(Dataset items)
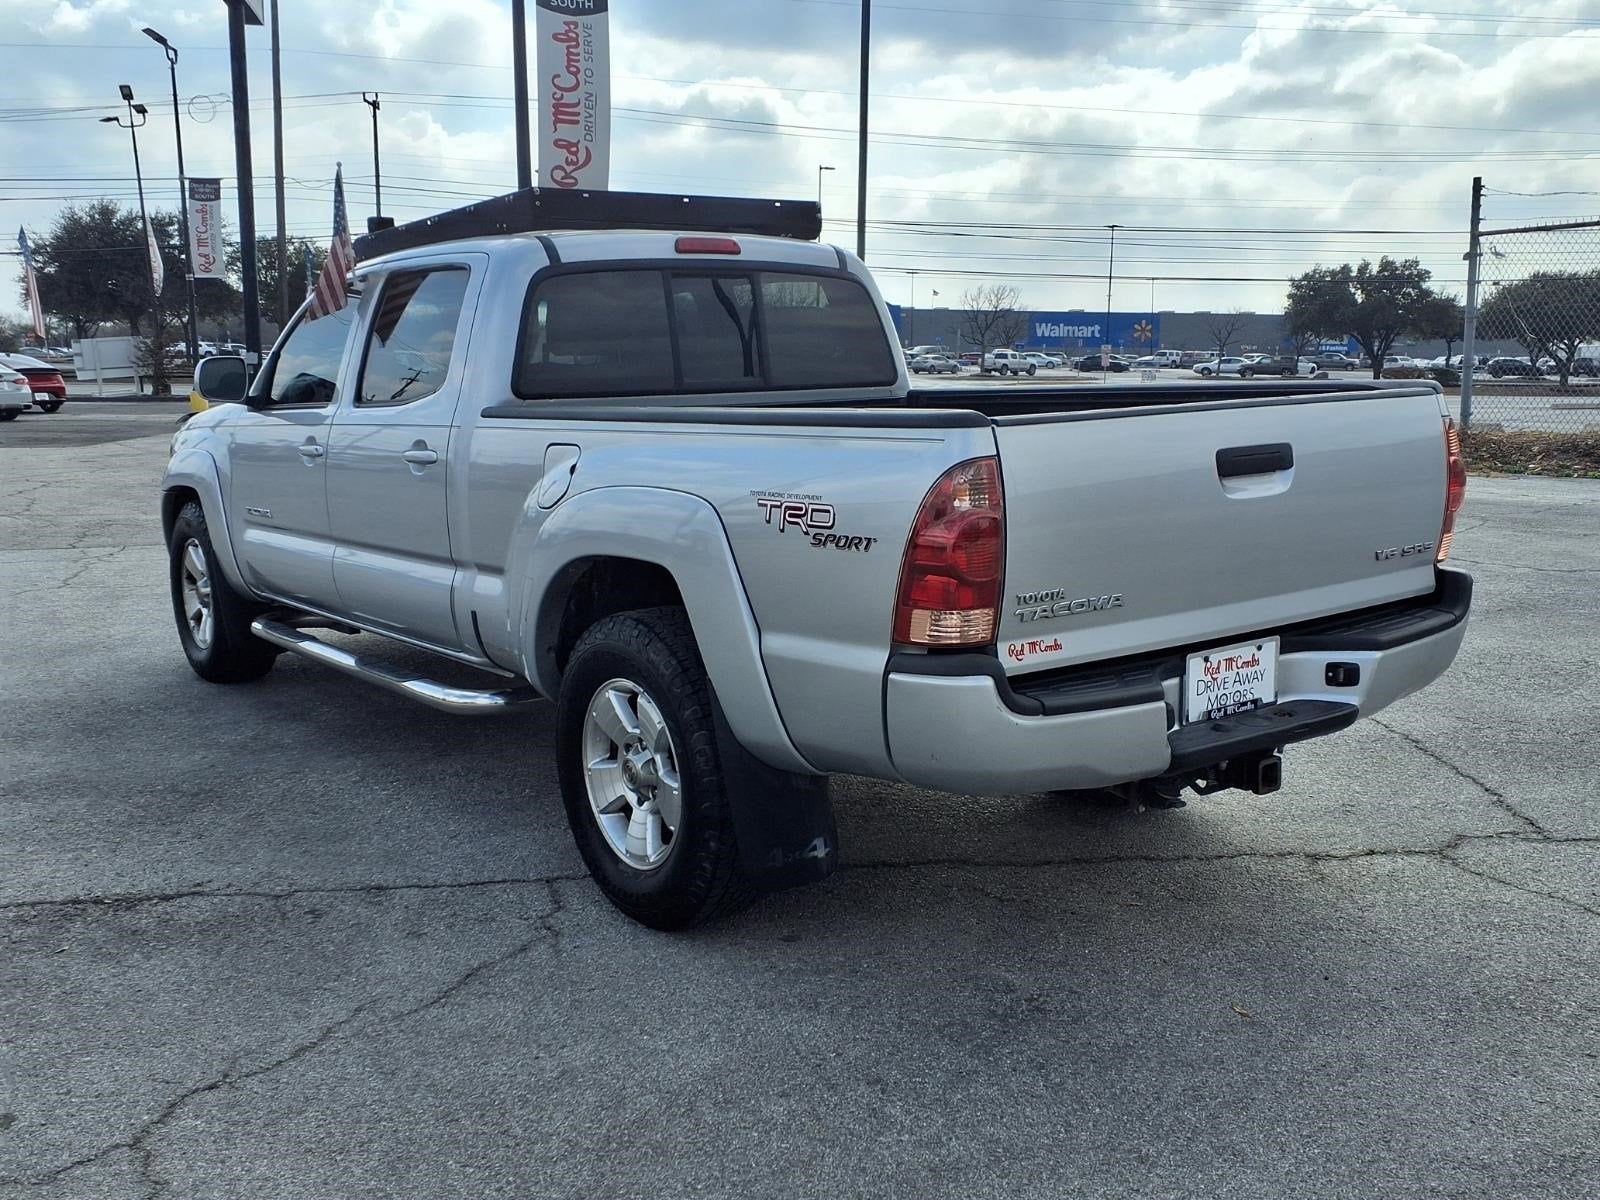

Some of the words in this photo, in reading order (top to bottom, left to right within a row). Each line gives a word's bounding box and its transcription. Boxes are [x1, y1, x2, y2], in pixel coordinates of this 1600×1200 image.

[550, 0, 594, 9] SOUTH
[583, 22, 594, 63] SERVE
[552, 20, 581, 133] McCombs
[583, 69, 595, 86] TO
[583, 92, 595, 143] DRIVEN
[550, 138, 592, 188] Red
[195, 203, 209, 251] McCombs
[198, 252, 216, 273] Red
[1035, 322, 1101, 338] Walmart
[768, 491, 786, 499] RACING
[787, 493, 823, 501] DEVELOPMENT
[757, 498, 836, 536] TRD
[810, 532, 876, 553] SPORT
[1014, 593, 1124, 623] TACOMA
[1015, 588, 1066, 606] TOYOTA
[1008, 642, 1025, 661] Red
[1026, 638, 1063, 655] McCombs
[1204, 660, 1221, 680] Red
[1222, 653, 1260, 673] McCombs
[1196, 676, 1230, 696] DRIVE
[1232, 668, 1266, 688] AWAY
[1206, 687, 1255, 710] MOTORS
[1210, 708, 1224, 720] Red
[1226, 701, 1255, 715] McCombs
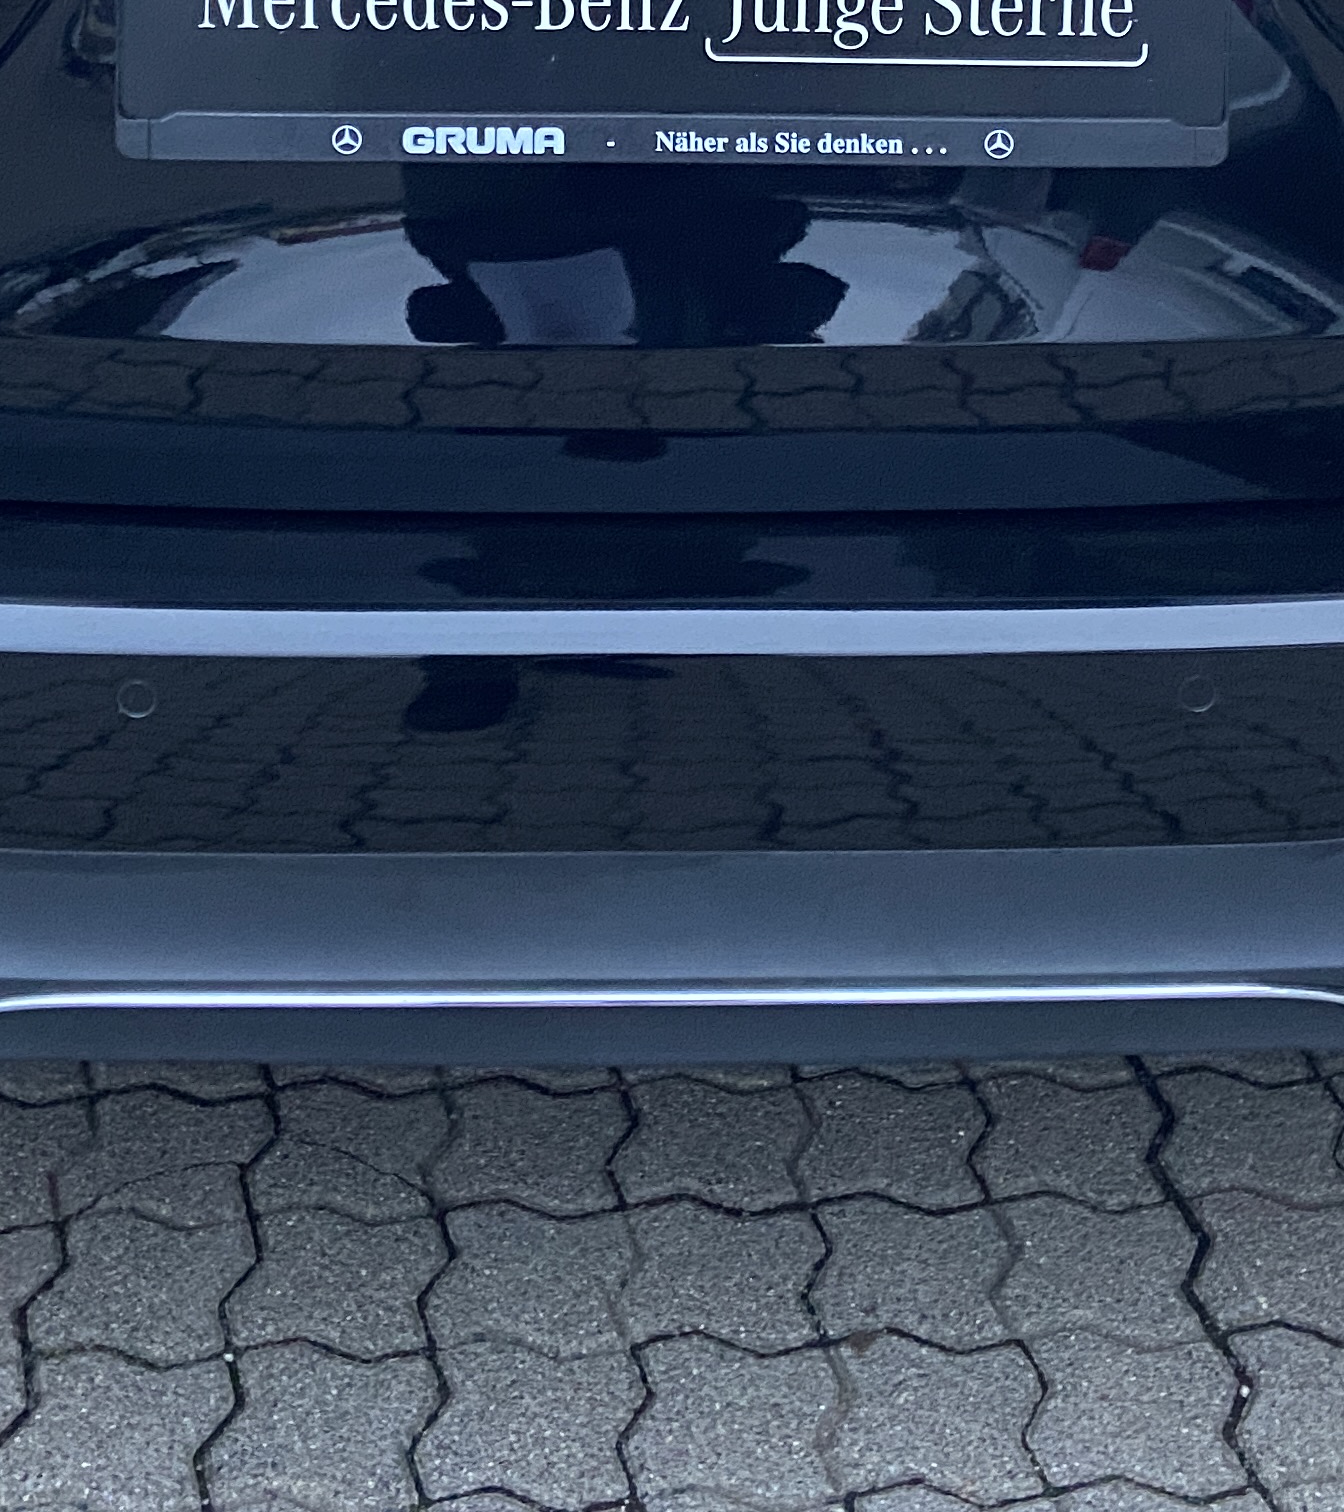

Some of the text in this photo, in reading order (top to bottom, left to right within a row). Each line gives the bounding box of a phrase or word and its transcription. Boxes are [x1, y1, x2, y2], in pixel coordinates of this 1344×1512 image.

[402, 126, 565, 155] GRUMA
[656, 131, 729, 153] Näher
[735, 132, 768, 154] als
[774, 132, 810, 154] Sie
[817, 133, 903, 155] denken
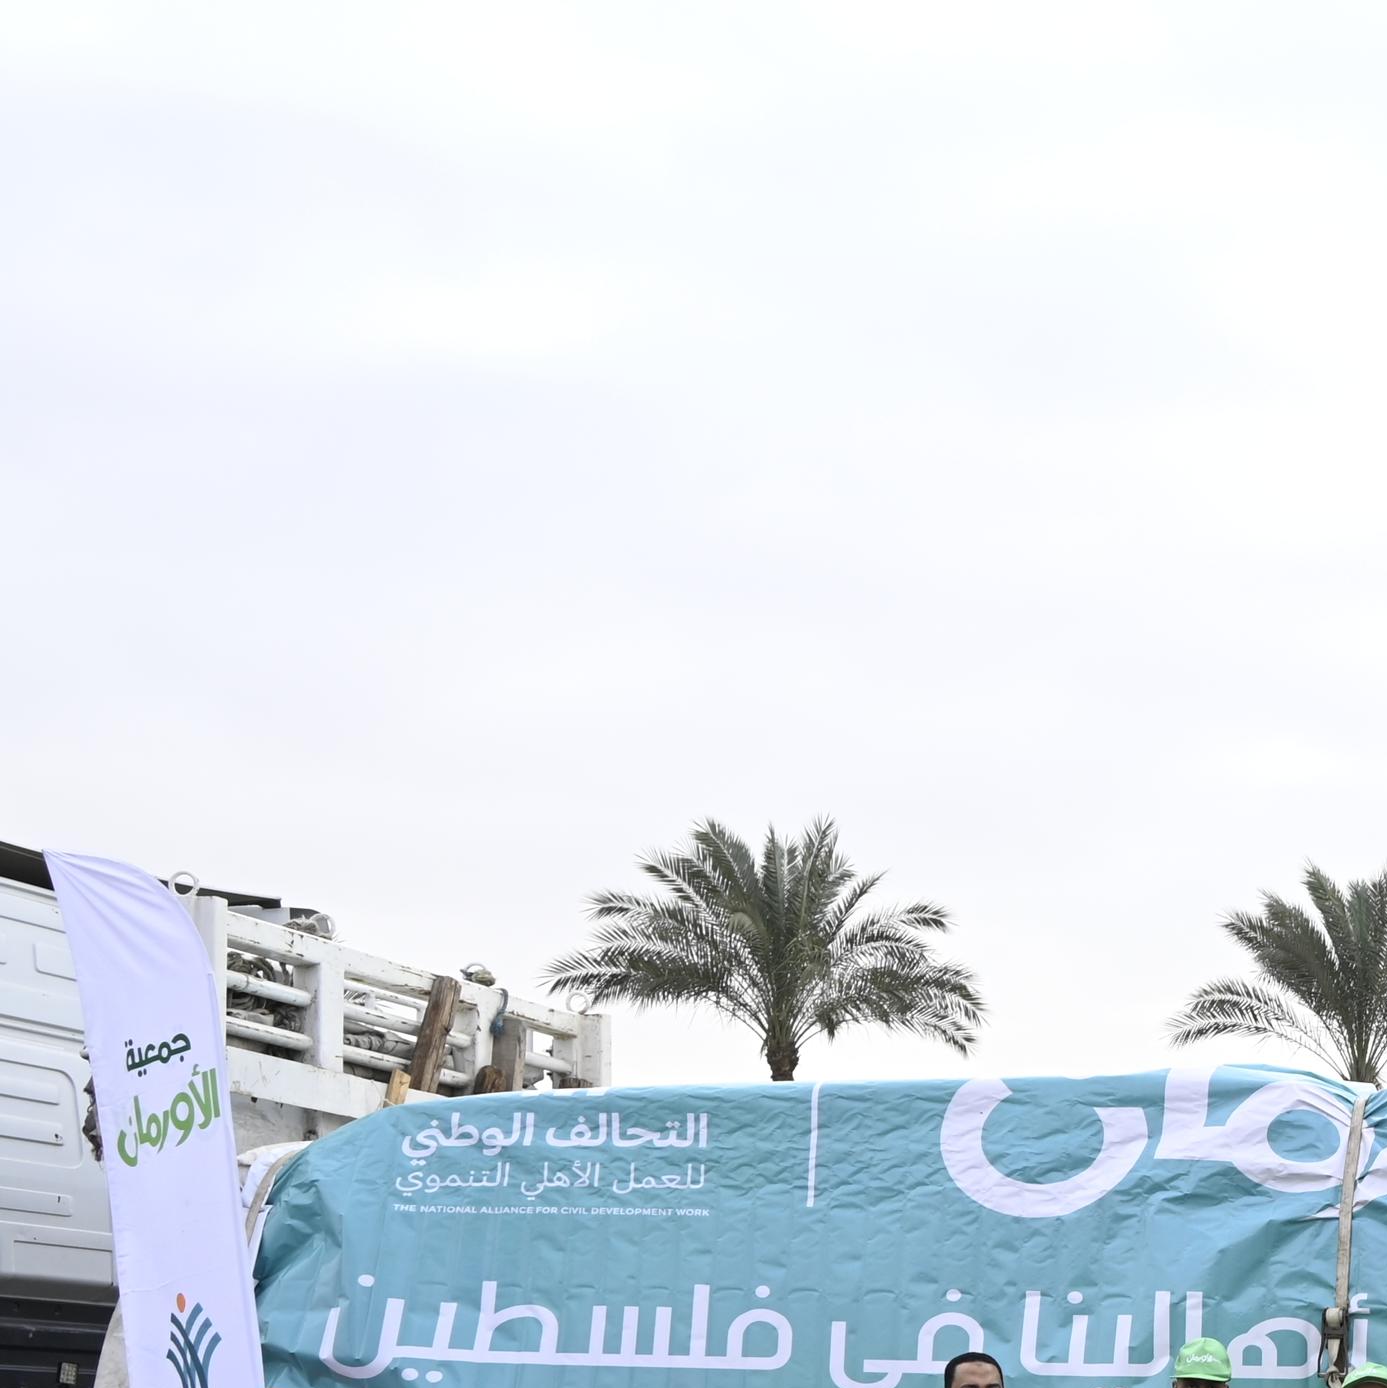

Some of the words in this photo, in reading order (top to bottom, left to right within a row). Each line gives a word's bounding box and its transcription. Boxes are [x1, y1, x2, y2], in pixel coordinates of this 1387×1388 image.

[124, 1033, 191, 1077] جمعية
[117, 1064, 220, 1167] الأورمان
[545, 1112, 708, 1148] التحالف
[401, 1112, 535, 1166] الوطني
[395, 1162, 510, 1196] التنموي
[521, 1160, 600, 1200] الأهلي
[612, 1162, 705, 1194] للعمل
[393, 1203, 416, 1213] THE
[420, 1205, 477, 1214] NATIONAL
[479, 1206, 533, 1214] ALLIANCE
[536, 1206, 557, 1214] FOR
[560, 1206, 588, 1215] CIVIL
[591, 1207, 673, 1216] DEVELOPMENT
[675, 1208, 710, 1217] WORK
[319, 1274, 792, 1384] فلسطين

→ **PROBLEM TO WORK ON**: Please set down the lines above word for word and leave out the pictures.

→ **COMPLETED EXERCISE**:
Some of the words in this photo, in reading order (top to bottom, left to right within a row). Each line gives a word's bounding box and its transcription. Boxes are [x1, y1, x2, y2], in pixel coordinates of this 1600×1200 image.

[550, 0, 594, 9] SOUTH
[583, 22, 594, 63] SERVE
[552, 20, 581, 133] McCombs
[583, 69, 595, 86] TO
[583, 92, 595, 143] DRIVEN
[550, 138, 592, 188] Red
[195, 203, 209, 251] McCombs
[198, 252, 216, 273] Red
[1035, 322, 1101, 338] Walmart
[768, 491, 786, 499] RACING
[787, 493, 823, 501] DEVELOPMENT
[757, 498, 836, 536] TRD
[810, 532, 876, 553] SPORT
[1014, 593, 1124, 623] TACOMA
[1015, 588, 1066, 606] TOYOTA
[1008, 642, 1025, 661] Red
[1026, 638, 1063, 655] McCombs
[1204, 660, 1221, 680] Red
[1222, 653, 1260, 673] McCombs
[1196, 676, 1230, 696] DRIVE
[1232, 668, 1266, 688] AWAY
[1206, 687, 1255, 710] MOTORS
[1210, 708, 1224, 720] Red
[1226, 701, 1255, 715] McCombs

Some of the text in this photo, in reading order (top to bottom, left to right within a row). Each line gives the bounding box of a phrase or word and its transcription. Boxes are [x1, y1, x2, y2], in pixel coordinates of this 1344×1512 image.

[402, 126, 565, 155] GRUMA
[656, 131, 729, 153] Näher
[735, 132, 768, 154] als
[774, 132, 810, 154] Sie
[817, 133, 903, 155] denken

Some of the words in this photo, in reading order (top to bottom, left to right within a row). Each line gives a word's bounding box and its transcription. Boxes are [x1, y1, x2, y2], in pixel coordinates of this 1387×1388 image.

[124, 1033, 191, 1077] جمعية
[117, 1064, 220, 1167] الأورمان
[545, 1112, 708, 1148] التحالف
[401, 1112, 535, 1166] الوطني
[395, 1162, 510, 1196] التنموي
[521, 1160, 600, 1200] الأهلي
[612, 1162, 705, 1194] للعمل
[393, 1203, 416, 1213] THE
[420, 1205, 477, 1214] NATIONAL
[479, 1206, 533, 1214] ALLIANCE
[536, 1206, 557, 1214] FOR
[560, 1206, 588, 1215] CIVIL
[591, 1207, 673, 1216] DEVELOPMENT
[675, 1208, 710, 1217] WORK
[319, 1274, 792, 1384] فلسطين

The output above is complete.